Una jaula con un cuervo.

Demián la sujetaba como si se tratara de una linterna.

La opia se sintió inhibida al ver al cuervo y las plumas retrocedieron espantadas. Quiso darse vuelta y huir, pero el aventurero ya la había alcanzado.

Un corte contundente bastó para cercenar sus patas de raíces y derribarla como un tronco hecho leña.

Desde el cielo, convertida en vampiresa, Méredith le asestó el golpe final:

—¡Meteoro!

La opia ardió hasta volverse ceniza y carbón.

Era la número veintisiete que habían aniquilado durante la noche.

El equipo se había ganado un merecido descanso.

Luke se desplomó sobre una manta y se quedó inmediatamente dormido. Mientras Lila recolectaba ramas y hojas secas, Demián y Méredith asaban carne de ave sobre brasas apenas encendidas.
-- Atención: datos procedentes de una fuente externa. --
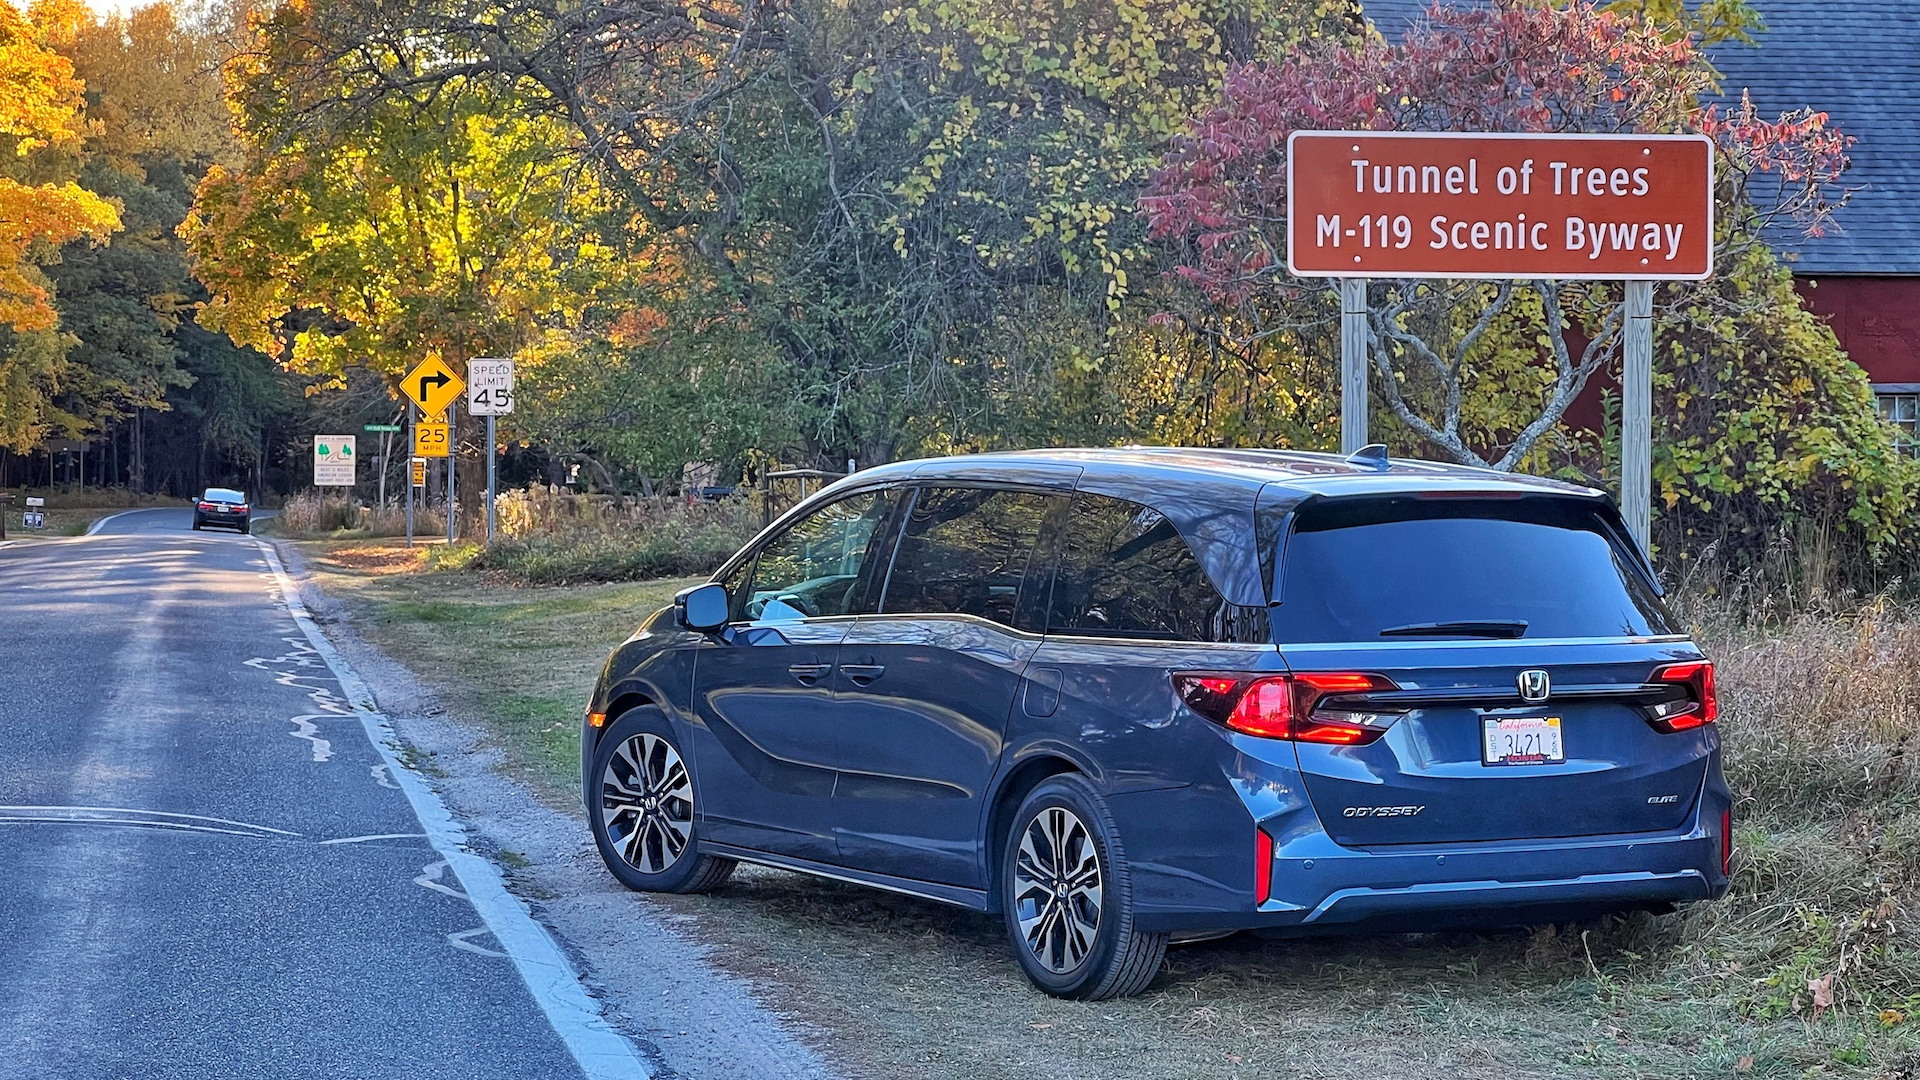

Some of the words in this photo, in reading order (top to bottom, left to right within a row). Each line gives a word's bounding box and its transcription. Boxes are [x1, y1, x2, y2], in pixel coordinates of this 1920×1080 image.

[1351, 158, 1479, 195] Tunnel
[1496, 159, 1534, 195] of
[1549, 161, 1650, 197] Trees
[1316, 214, 1412, 248] M-119
[1429, 213, 1549, 251] Scenic
[1565, 216, 1684, 260] Byway
[473, 366, 510, 375] SPEED
[477, 377, 505, 386] LIMIT
[473, 388, 510, 407] 45
[419, 428, 445, 443] 25
[1499, 719, 1547, 732] California
[1504, 733, 1542, 756] 3421
[1647, 794, 1679, 804] ELITE
[1343, 805, 1426, 817] ODYSSEY
No querían humo que llamara la atención de los aliados de Neón.

—¿Cuántos vamos ya? —preguntó el aventurero mientras volteaba las presas.
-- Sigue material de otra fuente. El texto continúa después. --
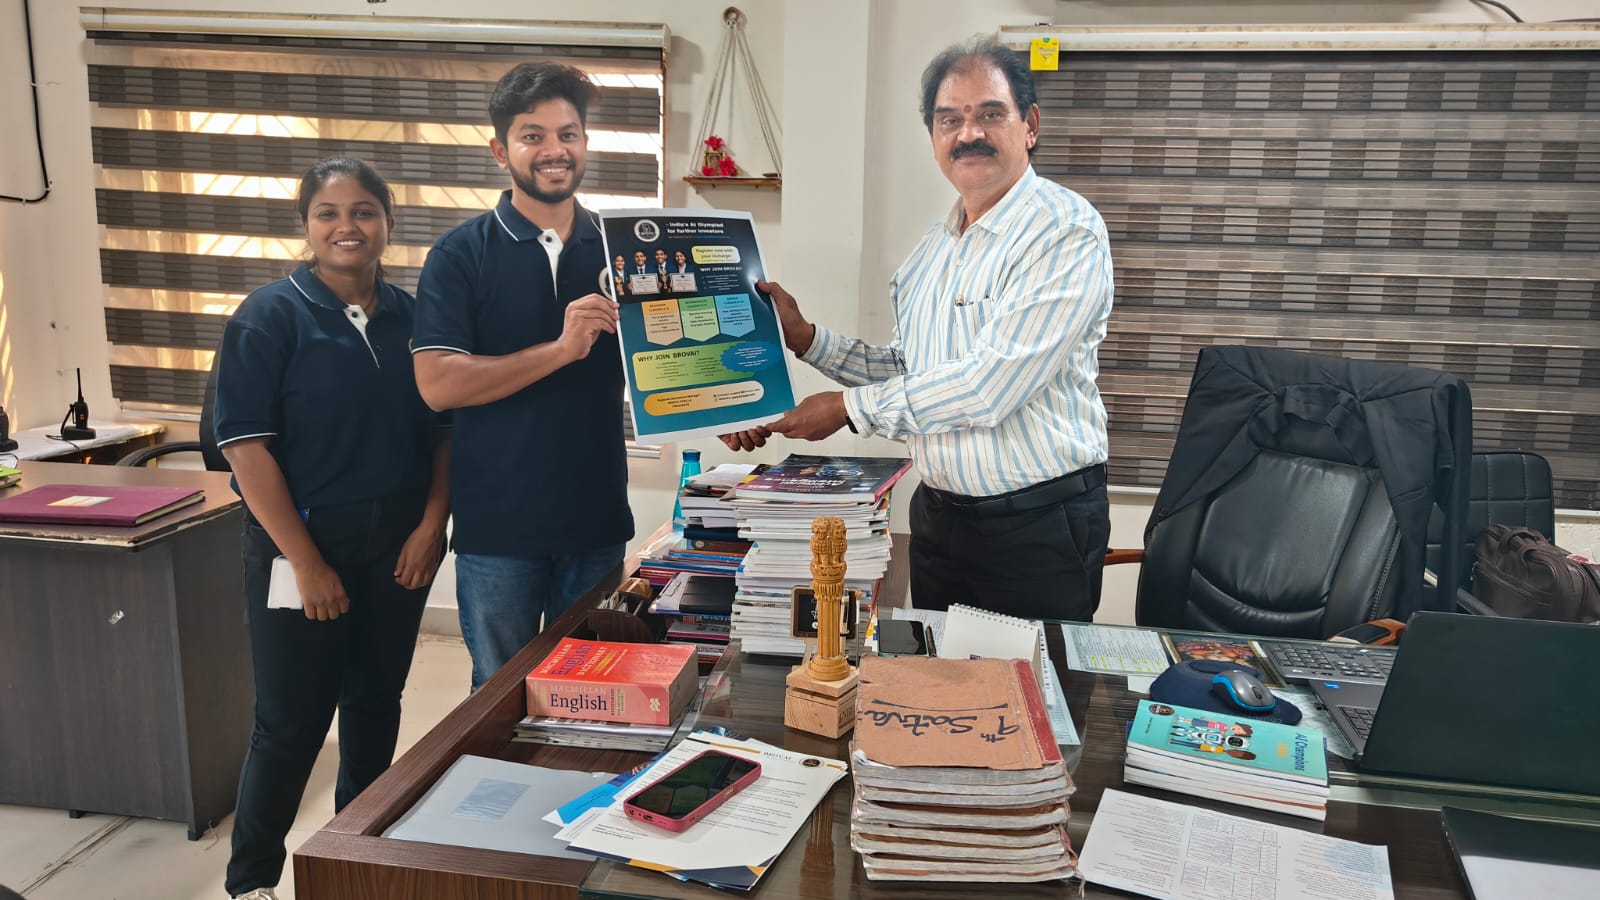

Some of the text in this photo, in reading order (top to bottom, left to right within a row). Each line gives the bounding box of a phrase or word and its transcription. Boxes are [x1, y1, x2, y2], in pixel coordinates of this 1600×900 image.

[637, 355, 653, 363] WHY
[654, 353, 671, 361] JOIN
[539, 643, 573, 674] MACMILLAN
[551, 644, 593, 676] English
[550, 684, 607, 695] MACMILLAN
[550, 693, 608, 713] English
—Ciento nueve en cuatro días —comentó la ilusionista, satisfecha—. Nada mal...

Si bien su objetivo principal eran las opias, también habían estado cazando becúberos, virmens y kloes. Y gracias a la anticipación de Luke, habían conseguido evitar todo tipo de contacto con los Herederos, quienes al parecer aún no estaban al tanto de su presencia en el bosque. Todo marchaba según lo planeado.

—Demián.

Aún con las ramas en brazos, Lila se había parado frente a él y lo miraba.

El aventurero desvió su atención de regreso a las brasas.

—Lo sé, lo sé... —se limitó a decir.

Méredith los observó con intriga.

—¿Qué ocurre? —quiso saber.

Antes de recibir una respuesta, el sonido de pisadas acerándose los alertó.

Méredith se puso en guardia.

Demián despertó a Luke de una patada.

Dentro de la jaula, el cuervo no se inmutó.

—Son ellos —soltó Lila con recelo.

—¡¿USTEDES?! —vociferó Demián.

—¡Nosotrooos! —saludó Soria con entusiasmo al emerger del bosque junto a Matts—. ¡Qué alegría haberlos encontrado tan rápido!

—¿Cómo lograron llegar hasta aquí? —preguntó Méredith, aliviada pero severa.

—Tranquila, lo hicimos gracias a este aparatito —explicó el inventor, quien traía un casco con un embudo de aluminio conectado a unas gafas de cristal verde—. ¡Lo llamo el Oído Ubicuo! Capta las ondas sonoras y las transforma en siluetas visibles. Permite anticipar movimientos a casi cien metros de distancia. Así supimos que eran ustedes.

—Pues te ves más estúpido que de costumbre... —masculló Demián.

—Coincido con Chico Listo —acotó Luke y se propuso retomar su siesta.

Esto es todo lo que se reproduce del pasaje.